LA CONFERENZA DÈL «SUMAREIN DÈL RUSCAROL»[edit]

_Signore e signori_,

Am è d'avvis ed seinter tutto quello che giustamente diranno a vèddrumm que su questo bergamo, dovve si sono seduti, anch stand in pî, delle illustrazioni italiane, megga stampà dal sgner Treves, ma proprio vive e palpitanti d'attualità.

Se loro quindi mi dibattono nel muso la taccia di temerario, io ci dirò che ne sono più parsuvaso di lui, ma d'altronde io amo la popolarità e quindi visto che le conferenze hanno preso non solo piede, ma eziandio la gamba... perchè si parla fino di cosse dell'Alpinismo, che in fondo poi non c'è niente, perchè se si salisse su di un _monte_ si fanno tanti squarci, mentre se si va su di un _montone_ che è il superlativo, nessuno si fa caso, sebbene che ve ne sono tanti...

Ma se sòuvra a un _Dant_ hanno durato a discorrere per dei mesi, e i dseven che parlavono in un _canto_, mèinter erano nel mezzo del camin di nostra vitta, che si può tradurre: «in metà dla fuga dla nostra scheina?».

Non sarà poi da mettermi il bronzo, se anche me sono qui in questa sala[1] carica di quadri di persone armoniche, che, cun rispètt di lor signori, chi più chi manch j aran scrett chissà quant azzideint, che nel gergo musicale sono i diesis, bî mol... in quant ai bî quader non sarei del suvo parere perchè ve ne sono dei bruttini...

Ma qui non si tratta di fare la storia dell'ambiente, ristorato di fresco, nè di tutte le cosse che ci si sono fatte dentro, dai congressi ai saggi, dai concerti, alle volte sconcertati, ai discorsi spesso più sconcertati di quei concerti, dalla musica detestabile alle famose mattinate della Società del Quartetto sotto la verga magica dèl sempatich Mancinelli, ci dicco la verità che per quant a hava còntra la vesta el sbactà, quanto fosse lui che me le somministrasse le toglierei volentieri... almanch a srè sicur che anderebbe in tempo!

Ma veniamo al dunque... ch' l'è òura.

A dir la verità sono stato un po' incerto premma ed dezidrum: espormi al pubblico dall'alto di questo seggio, me, che non ho una felice comunicazione, e con una pronunzia cossì infelice, che a sussezz... salciccio... chè da cinein non mi tagliarono il filetto.

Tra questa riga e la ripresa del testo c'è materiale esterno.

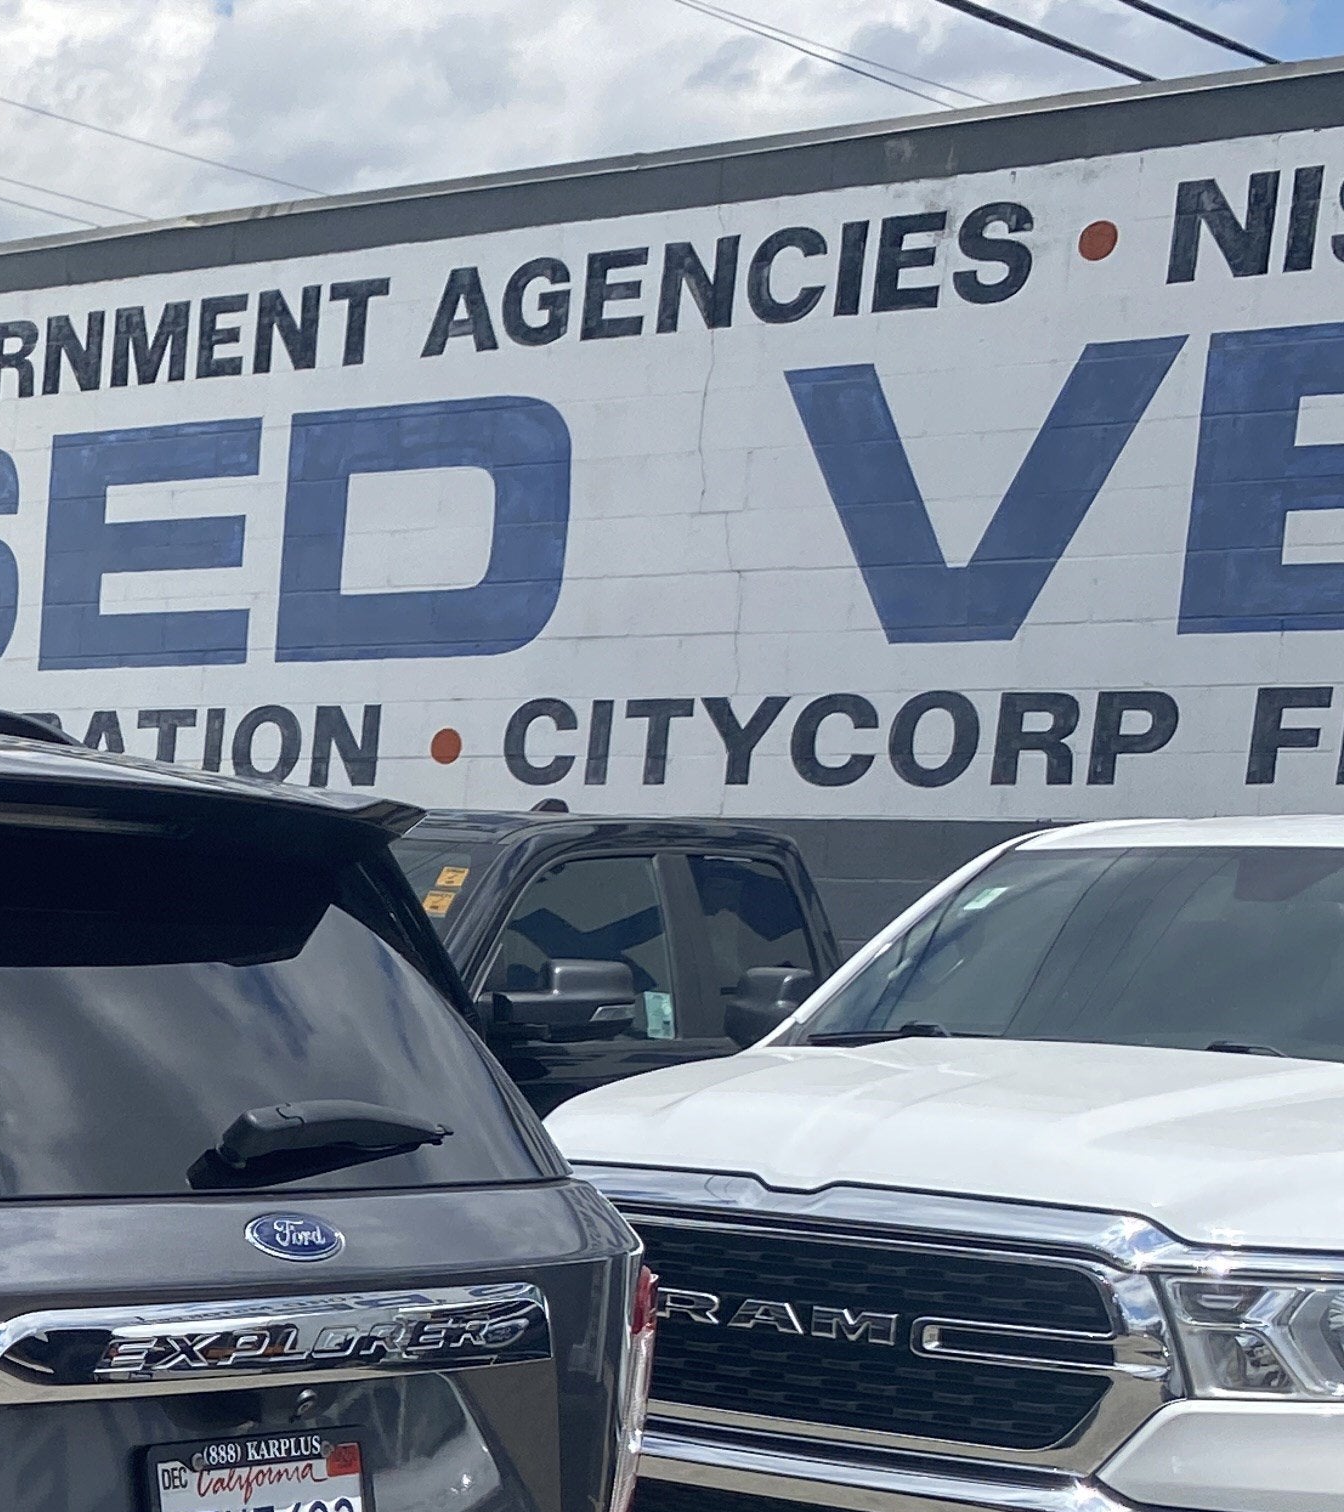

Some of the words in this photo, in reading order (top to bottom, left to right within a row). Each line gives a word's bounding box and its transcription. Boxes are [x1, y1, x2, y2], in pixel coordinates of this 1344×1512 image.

[420, 201, 1035, 358] AGENCIES
[1165, 164, 1344, 285] NI
[783, 323, 1344, 645] VE
[21, 703, 382, 787] ATION
[503, 689, 1180, 788] CITYCORP
[1244, 685, 1344, 786] F
[273, 1219, 326, 1247] Ford
[655, 1286, 898, 1347] RAM
[94, 1317, 492, 1373] EXPLORER
[161, 1466, 188, 1491] DEC
[203, 1443, 241, 1466] (888)
[246, 1436, 321, 1461] KARPLUS
[196, 1462, 328, 1505] California

Tuttavia pinsand che ci fu uno una volta che fece una conferenza sòuvra a Sarah Bernardt sèinza avèirla mai sintò, cossa di cui con ragione lî ciappò cappèl, in modo che li vende Marchesini[2] da San Nicolà dai Alber che secondo il solito c'è di tutto fuorchè degli alberi, incoraggiato da quanto sopra, dissi fra io, dscurrand cun quel signore gentilissimo che è, come si vede nella calce dell'avviso: Dichi bene, senza complimenti, mi permetterebbe di fare una conferenza? Scusi bene sa, ma mi è saltato il grillo: — Oh anzi si potrebbe fare a beneficio della dote del Teatro Comunale.

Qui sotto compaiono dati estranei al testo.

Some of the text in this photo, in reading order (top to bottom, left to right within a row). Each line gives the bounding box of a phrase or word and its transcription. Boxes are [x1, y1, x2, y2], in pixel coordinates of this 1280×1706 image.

— Oh come vuole lui, per io sono differente...

— E qual tema?

— Eh sicuro, un po' di pavura l'ho ma...

— Oh, intendo il soggetto...

— È quello che mi tiene in soggezione, cussa volel mai, a star int la stalla, di suggètt non se ne trovano, tuttavia l'alter dè che tirava del vento, a vest ruzzlar vî un balocch, un giuocatolo di pelo che mi era crodato, e a pinsò: se favellassi mo sul pelo?... al srè un argumèint che si presterebbe per me, che ai stagh in mèzz tùtt l'ann... e così fu, e mi diedi a tutto asino a studiari sòuvra, quantunque non sia di stagione, che è caldo.

Ed ora che sapete lo scoppio che qui mi ha strascinato, lassam rusgar due granelli di biava gentilmente offertami da alcuni ammiratori e poi entreremo nell'argomento che porta per titolo: _Del pelo nei suoi rapporti colla natura e colla civiltà_.

_Signori e signore!_

Io non sono sofistico e quindi non andrò a cercare il pel nell'ovo, nè mi occuperò di accennare che èl sgner _Raoul_[3], quanto ebbe sentito il titolo si tastò in testa e sentendo che di pelo ci era piuttosto scarsezza, esclamò: per me siamo fuori d'argomento... e per parte mia non creddo di tirarglielo pei capelli.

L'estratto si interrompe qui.